Data records:
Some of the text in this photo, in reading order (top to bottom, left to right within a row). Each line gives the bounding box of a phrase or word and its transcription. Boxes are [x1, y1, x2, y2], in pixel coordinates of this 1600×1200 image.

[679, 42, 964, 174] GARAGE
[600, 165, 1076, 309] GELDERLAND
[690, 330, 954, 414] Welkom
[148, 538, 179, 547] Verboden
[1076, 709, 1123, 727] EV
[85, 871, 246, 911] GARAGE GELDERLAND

Task prompt:
Repeat the listing above line by line, exactly as written.

Answer box:
Some of the text in this photo, in reading order (top to bottom, left to right within a row). Each line gives the bounding box of a phrase or word and its transcription. Boxes are [x1, y1, x2, y2], in pixel coordinates of this 1600×1200 image.

[679, 42, 964, 174] GARAGE
[600, 165, 1076, 309] GELDERLAND
[690, 330, 954, 414] Welkom
[148, 538, 179, 547] Verboden
[1076, 709, 1123, 727] EV
[85, 871, 246, 911] GARAGE GELDERLAND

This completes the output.